Many moons ago, when I was at teacher’s college, we were taught to write lesson plans, and given the theory of what makes a good lesson. Of course, once I graduated and got into a real classroom, like every teacher I rapidly gave up on writing the lesson plans, partly through lack of time, and partly through having acquired enough experience that I applied many of the principles automatically, without having to sit down and work them out every time.

It’s a long time since I was in a classroom, but now that I’ve been doing this ESOL tutoring, I’m finding those principles are starting to come back, and even when I depart from my lesson plan, they’re sneaking into the lesson.

Tonight was a great example of that. Although I’d worked out a lesson, we ended up doing something completely different as the lesson grew organically out of the conversation N and I were having. We started off playing with some word cards, making simple sentences. N would come up with an idea for a sentence, and we’d work together to find the right words and put them in order. A few of the sentences she managed to do all by herself, so I wrote them into her workbook so she could copy them out. Then we talked about the sentences, and she came up with some more on her own, and (with a bit of help from me with the harder words) she wrote them down. A very simple little lesson, but it kept us occupied for the whole hour.

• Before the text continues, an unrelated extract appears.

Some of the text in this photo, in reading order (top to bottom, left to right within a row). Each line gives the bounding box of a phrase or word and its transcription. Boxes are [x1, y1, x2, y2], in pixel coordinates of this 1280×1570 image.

It wasn’t until I was walking home and was mentally reviewing what we’d done that I realised it was a theoretically perfect lesson. The different parts of the lesson had each built the same basic skill, but between them had covered all the different learning styles: kinaesthetic (arranging cards into sentences), oral/aural (verbally creating sentences), and visual (writing the sentences). Plus because N was creating sentences about her own life, it gave her ownership of the lesson. And best of all, it was a huge boost to her confidence, because she discovered she was able to spell so many of the words all by herself, or with just a little prompting from me.

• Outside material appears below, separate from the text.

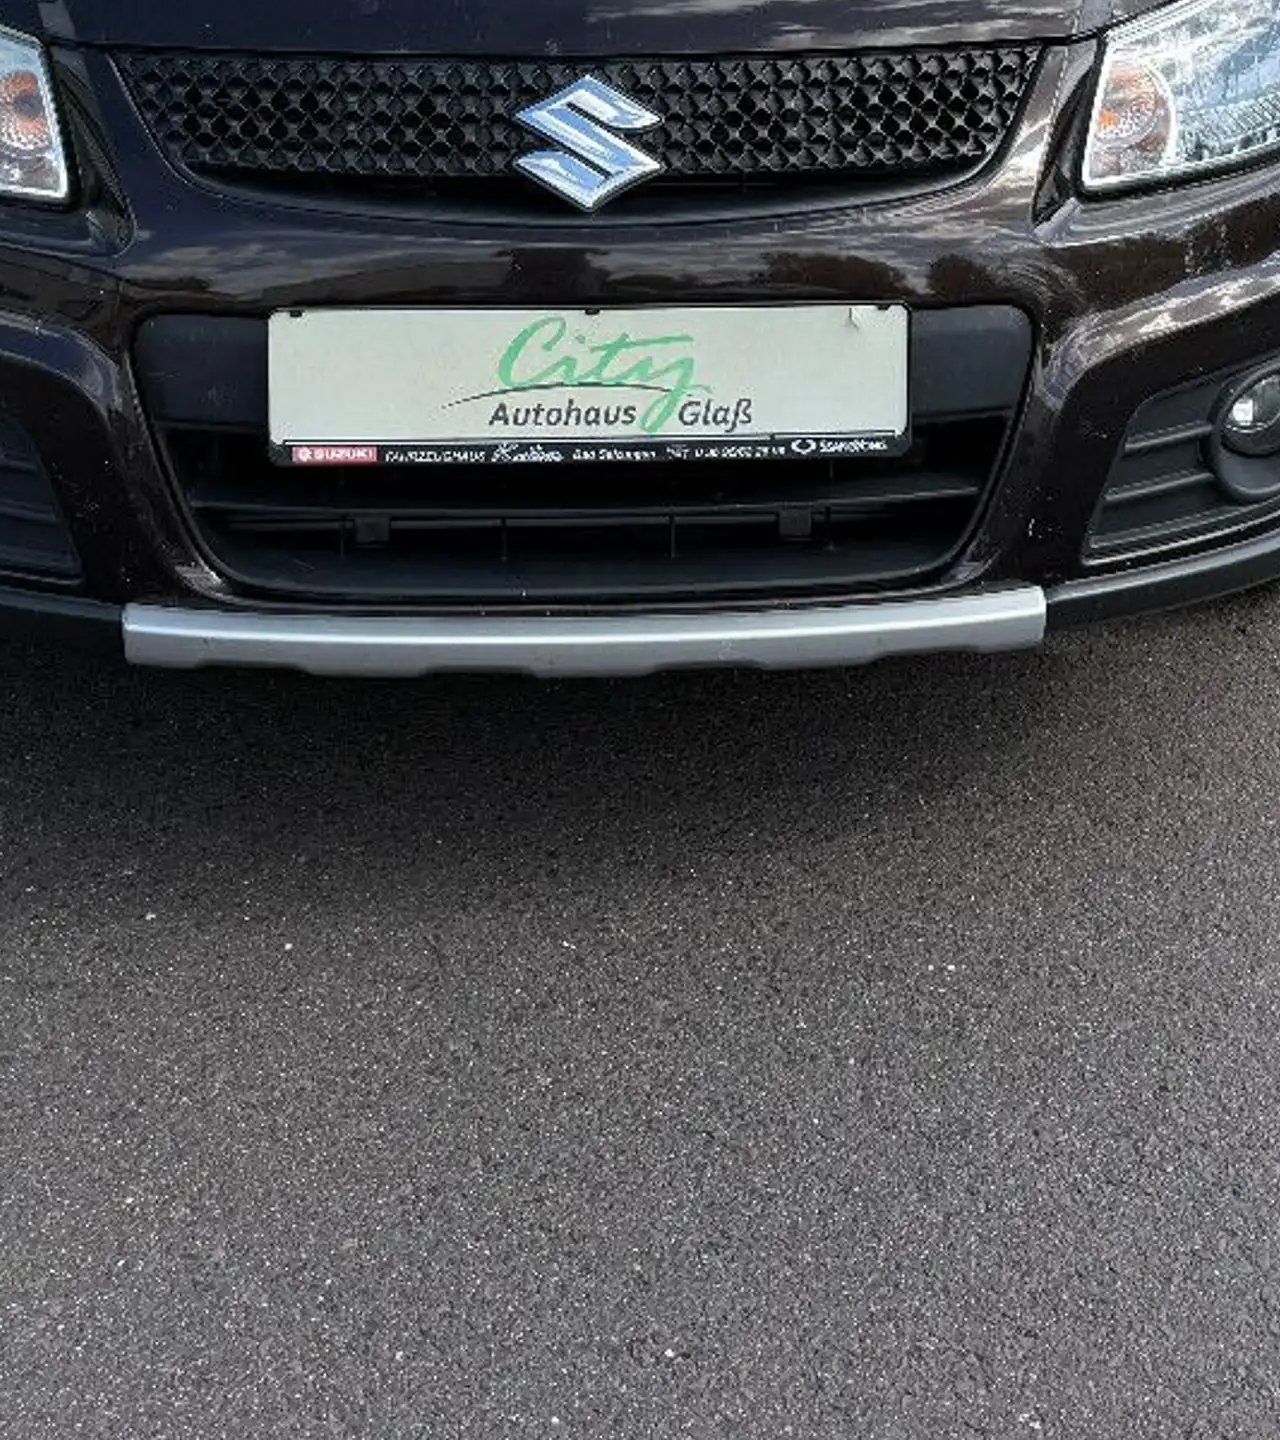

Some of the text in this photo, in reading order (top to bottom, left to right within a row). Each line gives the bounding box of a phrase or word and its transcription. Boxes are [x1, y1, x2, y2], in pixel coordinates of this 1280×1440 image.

[498, 316, 714, 435] City
[488, 397, 753, 433] Autohaus Glaß

I’m sure next week I’ll revert to my usual chaotic teaching technique, but isn’t it nice when things all come together nicely, even if it was totally accidental! 🙂


Oh, and another nice thing about tonight’s lesson. One of the sentences she came up with was “My husband talked to his sister.” Not very exciting, until you hear the back-story to that sentence. MrPloppy has been helping N’s son with his computer, and at the weekend went round there and installed some software he needed to get his webcam working. After N came up with the “My husband talked to his sister.” sentence, she told me the sister was in Afghanistan, and they’d used the computer to talk to her. And because the webcam was finally working, her husband and his sister had seen each other for the first time in 27 years. Isn’t that cool? I was able to come home and tell MrPloppy that his tiny favour helping get the software installed led to such an incredibly important moment for a brother and sister separated for all those years.